Records from a dataset
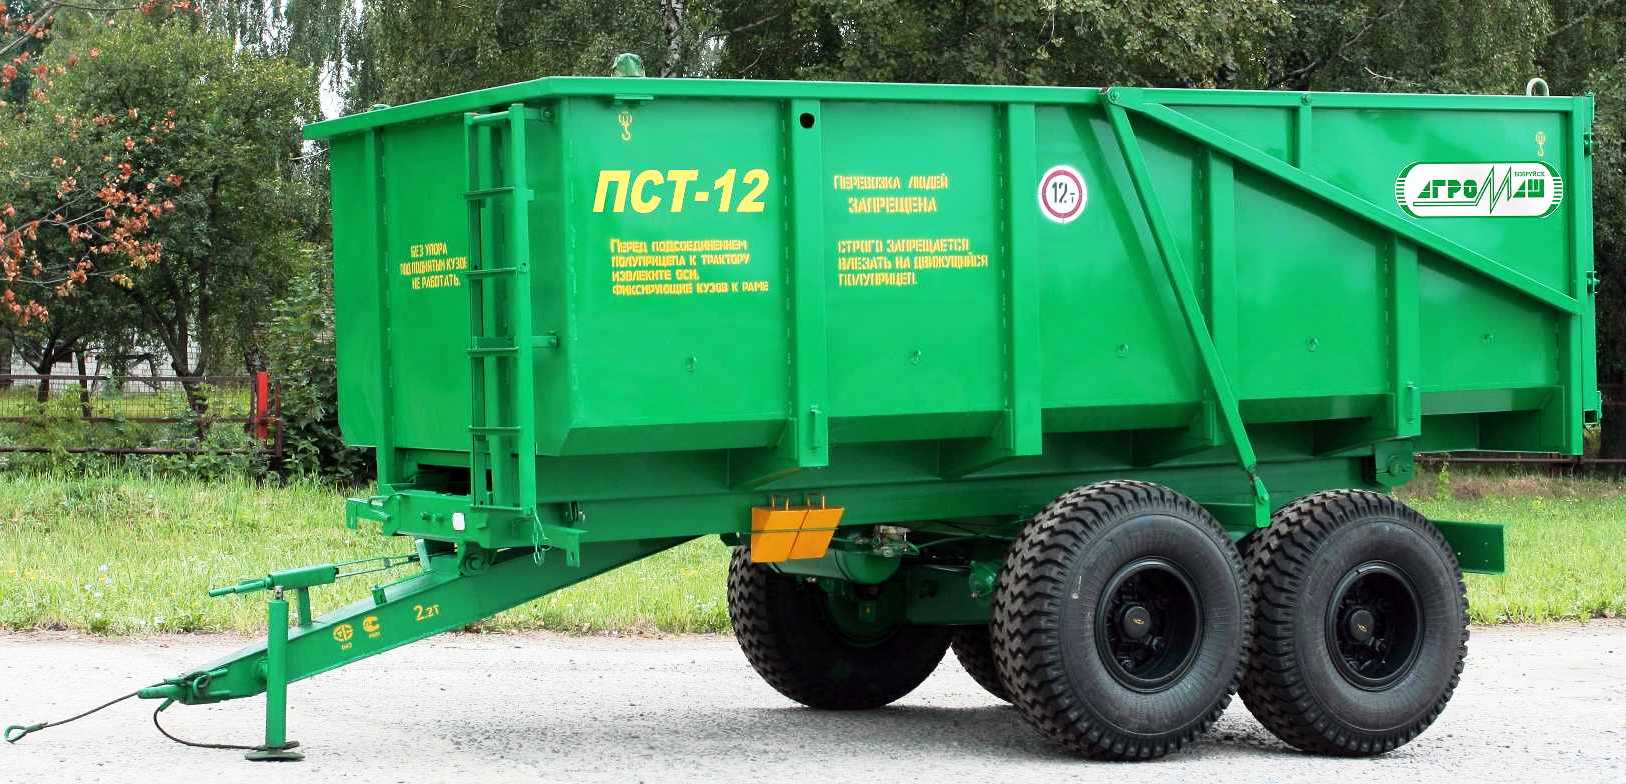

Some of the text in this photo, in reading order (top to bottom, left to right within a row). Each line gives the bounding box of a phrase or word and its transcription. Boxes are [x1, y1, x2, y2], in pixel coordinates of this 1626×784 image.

[833, 172, 949, 190] ПЕРЕВОЗКА ЛЮДЕЙ
[592, 168, 770, 214] ПСТ-12
[848, 196, 938, 214] ЗАПРЕЩЕНА
[425, 241, 448, 256] УПОРА
[651, 239, 749, 252] ПОДСОЕДИНЕНИЕМ
[837, 237, 970, 253] СТРОГО ЗАПРЕЩАЕТСЯ
[611, 253, 751, 268] ПОЛУПРИЦЕПА К ТРАКТОРУ
[837, 252, 989, 270] ВЛЕЗАТЬ НА ДВИЖУЩИЙСЯ
[611, 270, 672, 283] ИЗВЛЕКИТЕ
[612, 280, 769, 297] ФИКСИРУЮЩИЕ КУЗОВ К РАМЕ

**Work instruction:** All the lines above must be written out exactly, without a single picture.

**Written response:**
Some of the text in this photo, in reading order (top to bottom, left to right within a row). Each line gives the bounding box of a phrase or word and its transcription. Boxes are [x1, y1, x2, y2], in pixel coordinates of this 1626×784 image.

[833, 172, 949, 190] ПЕРЕВОЗКА ЛЮДЕЙ
[592, 168, 770, 214] ПСТ-12
[848, 196, 938, 214] ЗАПРЕЩЕНА
[425, 241, 448, 256] УПОРА
[651, 239, 749, 252] ПОДСОЕДИНЕНИЕМ
[837, 237, 970, 253] СТРОГО ЗАПРЕЩАЕТСЯ
[611, 253, 751, 268] ПОЛУПРИЦЕПА К ТРАКТОРУ
[837, 252, 989, 270] ВЛЕЗАТЬ НА ДВИЖУЩИЙСЯ
[611, 270, 672, 283] ИЗВЛЕКИТЕ
[612, 280, 769, 297] ФИКСИРУЮЩИЕ КУЗОВ К РАМЕ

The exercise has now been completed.